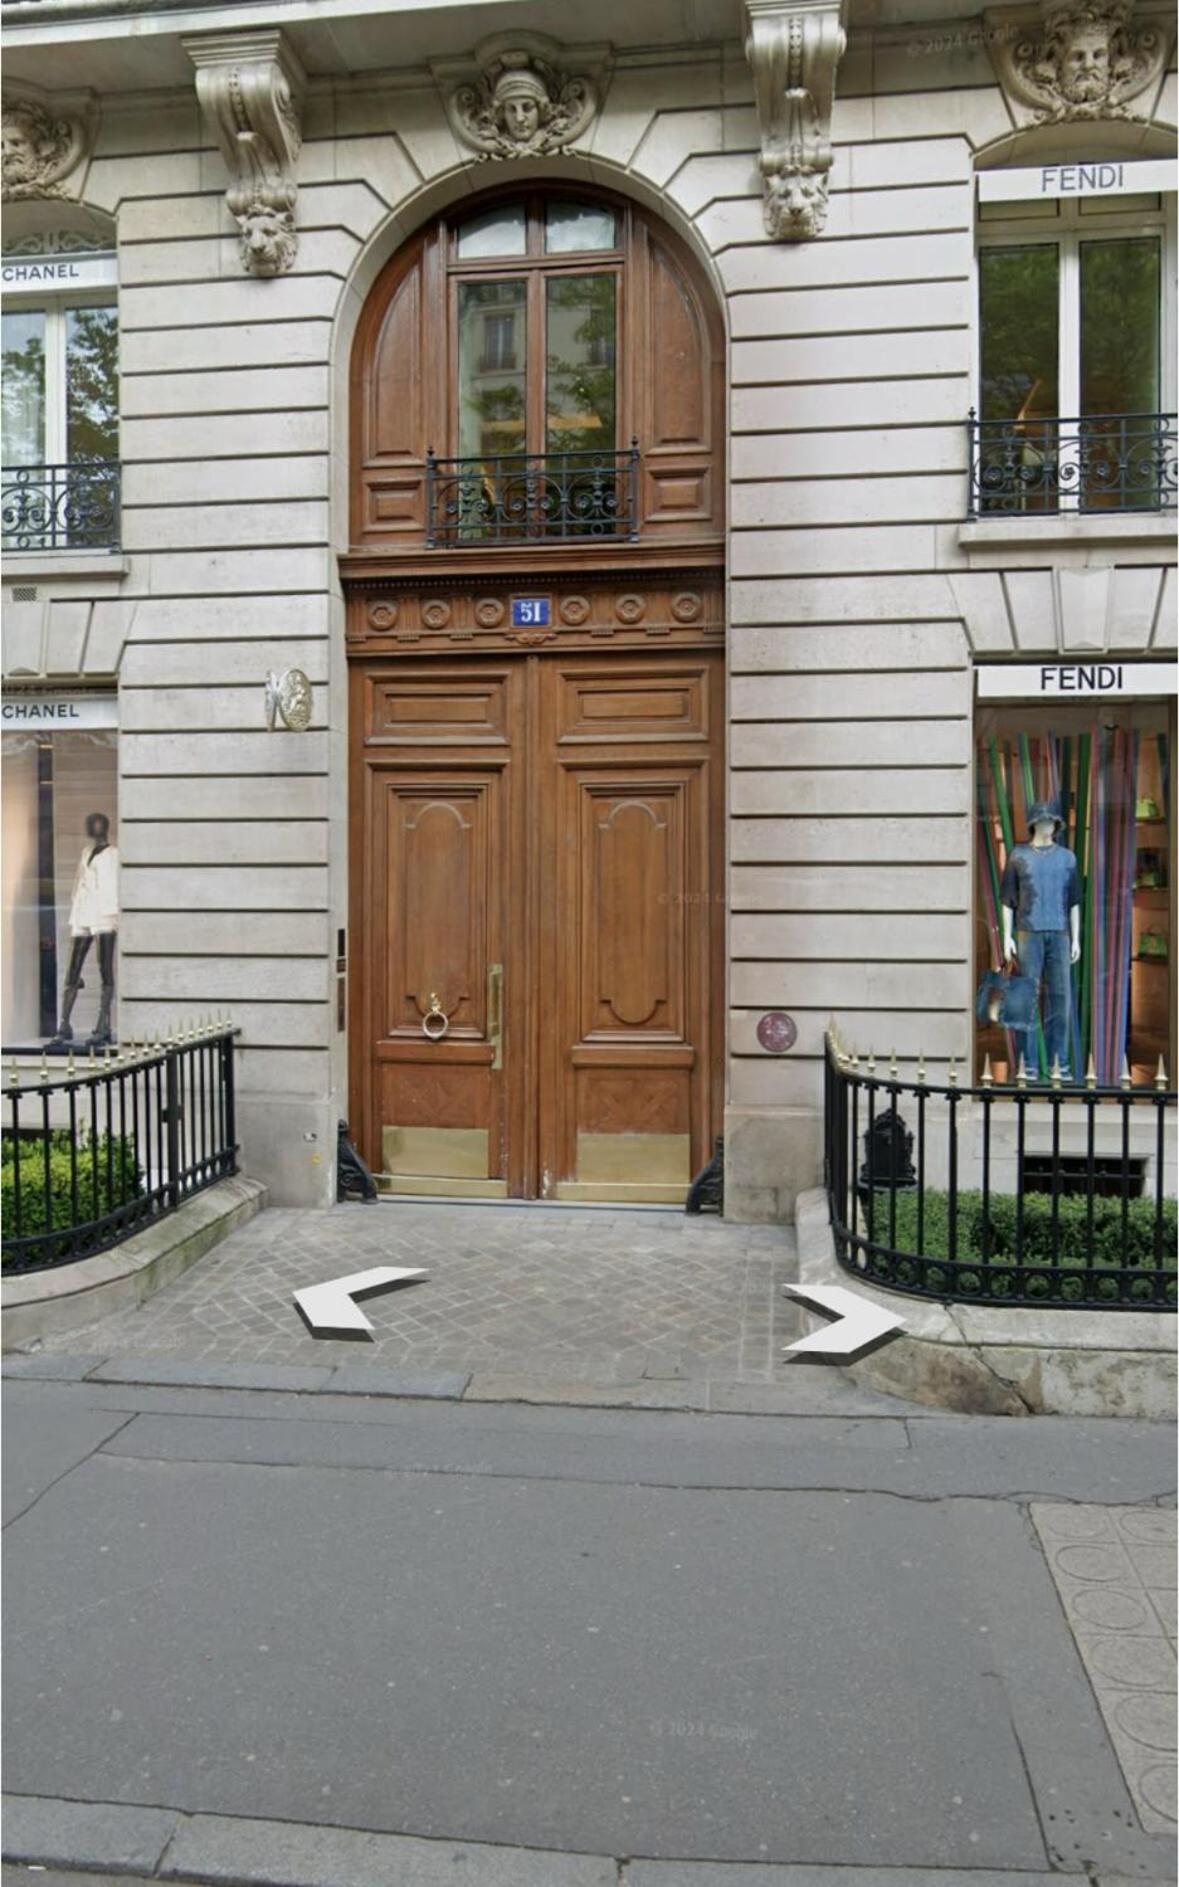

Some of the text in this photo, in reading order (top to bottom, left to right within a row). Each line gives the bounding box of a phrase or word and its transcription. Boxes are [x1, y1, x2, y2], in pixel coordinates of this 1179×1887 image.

[1042, 165, 1123, 192] FENDI
[2, 264, 79, 281] CHANEL
[520, 601, 541, 622] 51
[1041, 666, 1122, 690] FENDI
[2, 704, 79, 719] CHANEL
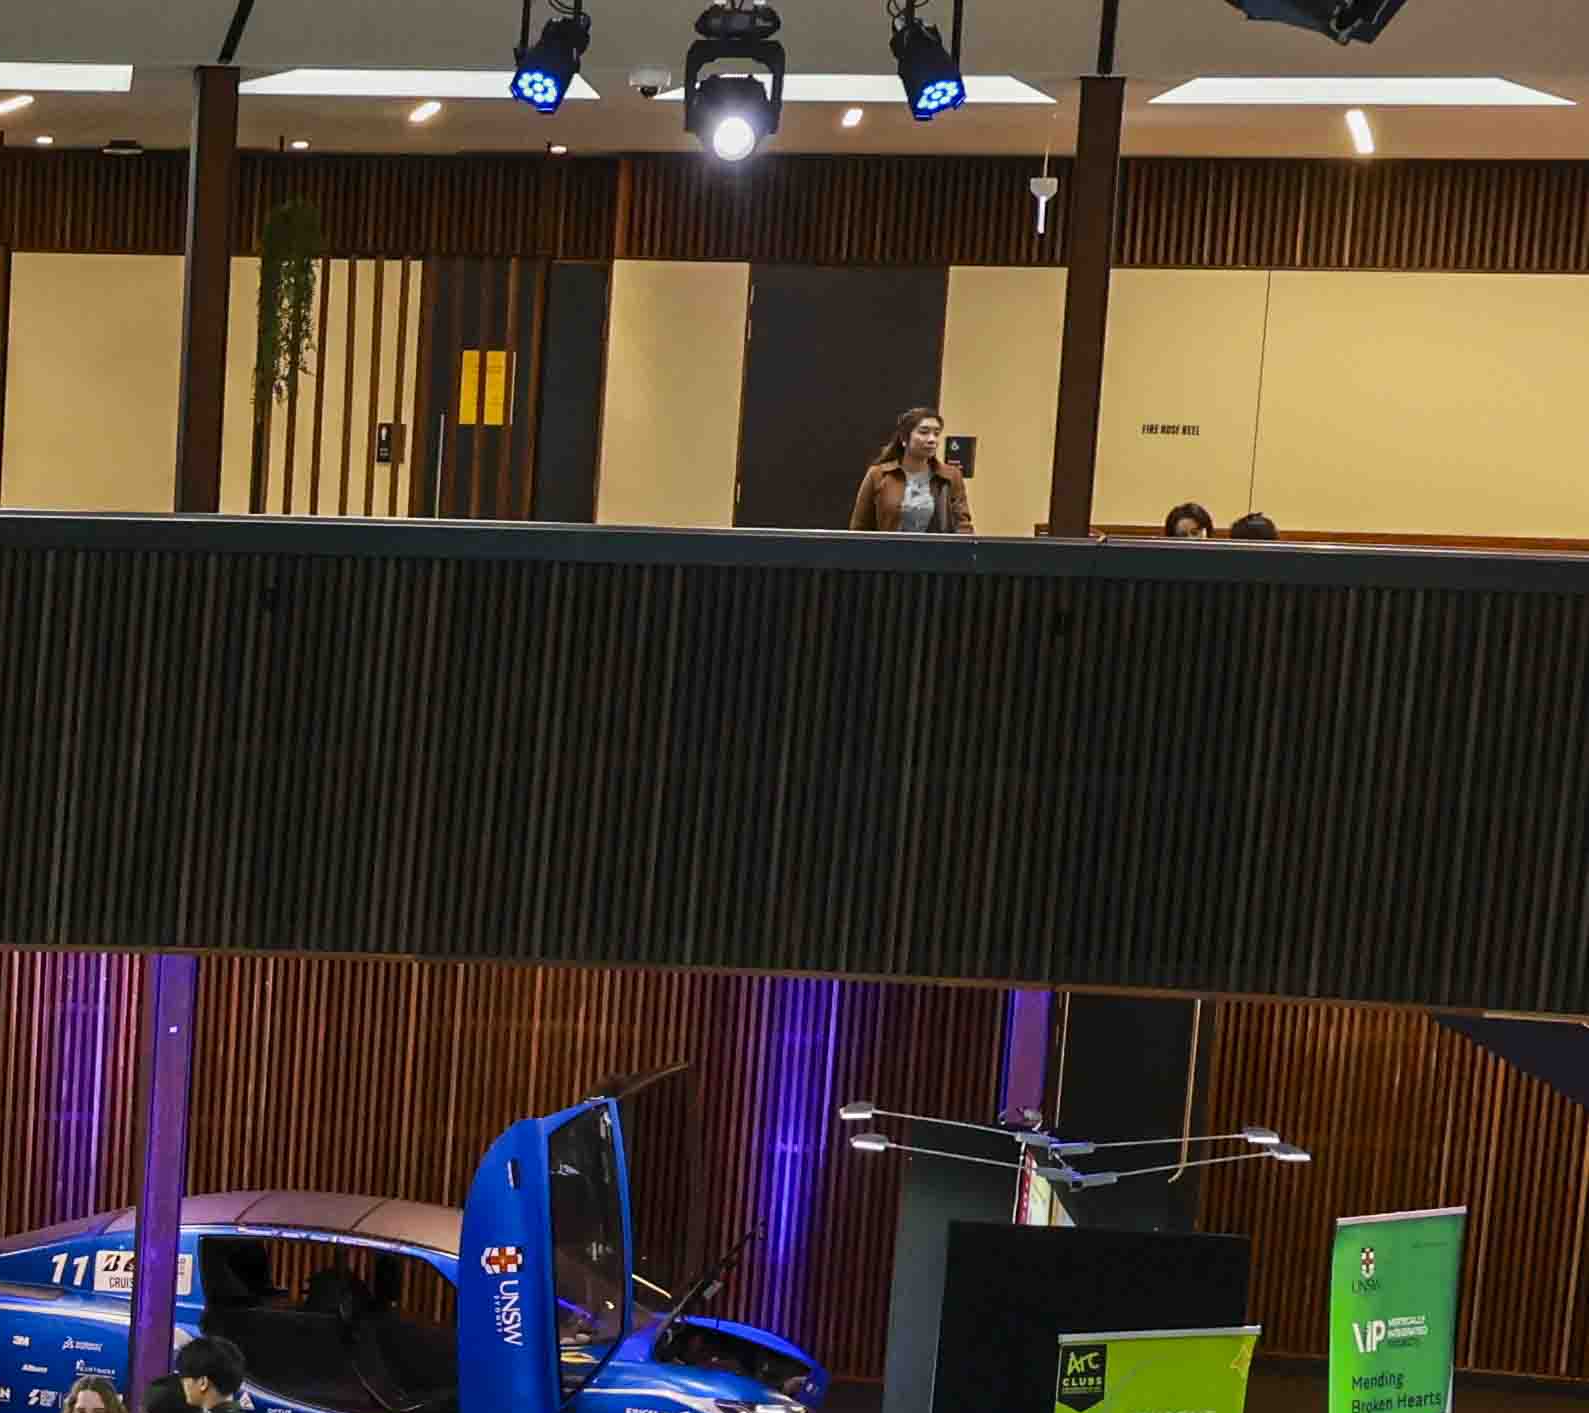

Exercise instructions ->
It would help to have the listing above repeated exactly, with all images removed.

Reply ->
Some of the text in this photo, in reading order (top to bottom, left to right within a row). Each line gives the bounding box of a phrase or word and its transcription. Boxes are [x1, y1, x2, y2], in pixel coordinates of this 1179×1887 image.

[1042, 165, 1123, 192] FENDI
[2, 264, 79, 281] CHANEL
[520, 601, 541, 622] 51
[1041, 666, 1122, 690] FENDI
[2, 704, 79, 719] CHANEL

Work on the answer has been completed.